On Mon, 2013-02-04 at 06:16 -0500, Adam Tauno Williams wrote:
> That doesn't sound that weird.  *Sending* and *Receiving* are two
> entirely different operations.  Receiving is POP/IMAP [and rarely
> blocked by firewalls], sending is SMTP [and almost always blocked by
> firewalls].

Sending should be MSA, which is like SMTP except on port 587. And is
rarely blocked by firewalls. That's kind of why the MSA port was
introduced. In 1998.

If you're actually trying to submit via an authentication connection to
port 25, yes I would expect that to break quite frequently. I'd consider
that to be a misconfiguration.

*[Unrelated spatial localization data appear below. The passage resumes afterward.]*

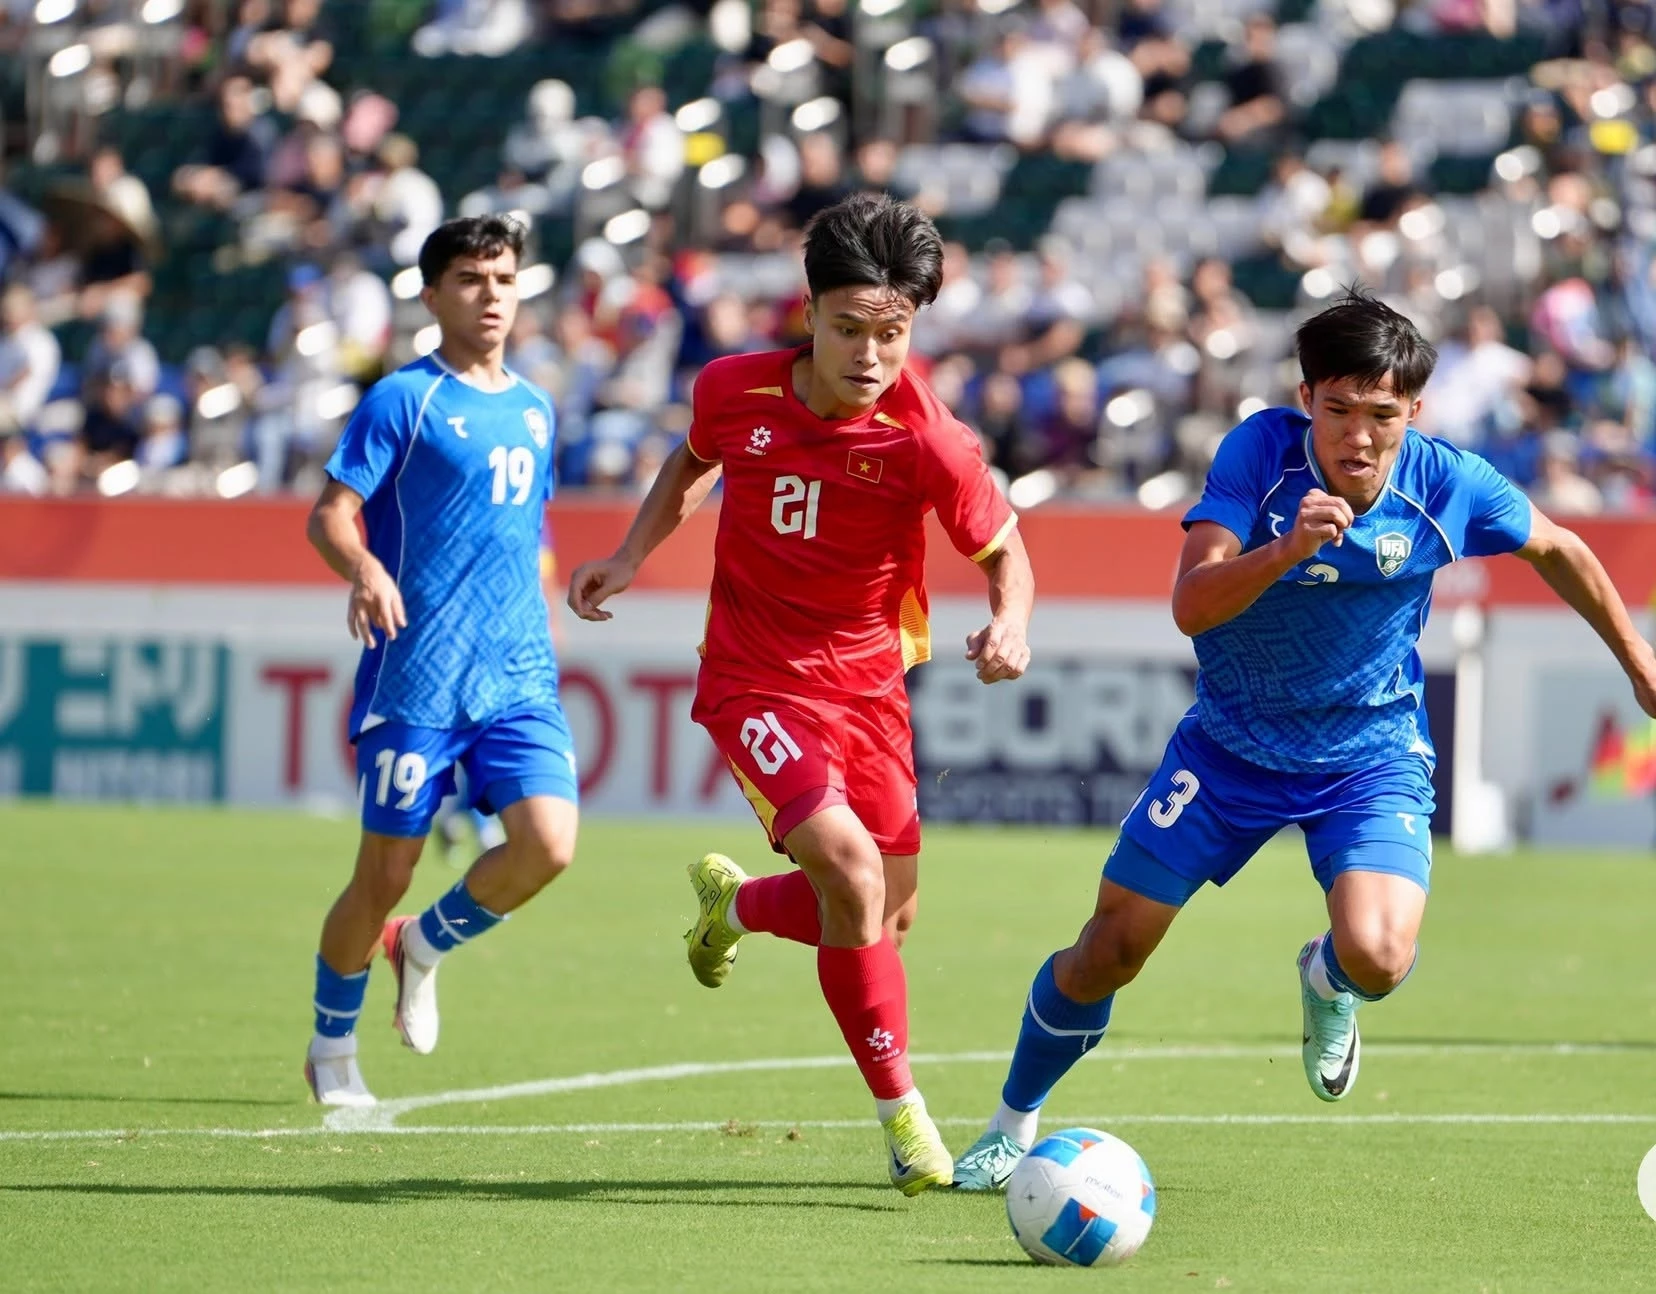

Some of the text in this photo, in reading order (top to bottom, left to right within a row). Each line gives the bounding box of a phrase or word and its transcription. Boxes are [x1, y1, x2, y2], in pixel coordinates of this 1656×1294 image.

[488, 445, 535, 506] 19
[770, 474, 822, 540] 21
[1381, 540, 1407, 558] UFA
[739, 711, 804, 775] 21
[375, 748, 427, 811] 19
[1147, 769, 1200, 829] 3

You should use port 587. And if the
server isn't listening on port 587 then *it* is misconfigured.

> Verizon certainly does block SMTP. 

Surely they don't block port 587?

>  Hot-spotting through a phone generally stinks,  they do not really
> provide you an ISP-like connection, it is more of an ISP-lite
> connection.  ["lite" being a synonym for "crappy"].

Well, you don't get a proper IP address (neither IPv6 nor even Legacy
IP) so you're afflicted by NAT¹, but that's fairly much the same as with
many of the crappy home ISPs that people use, surely?

-- 
dwmw2


¹ Except with my Android phone, which seems to have stopped doing NAT.
Instead it just routes packets from its internal networks (the USB and
wifi tethering clients) out the 3G interface without NAT. Which doesn't
work at all :)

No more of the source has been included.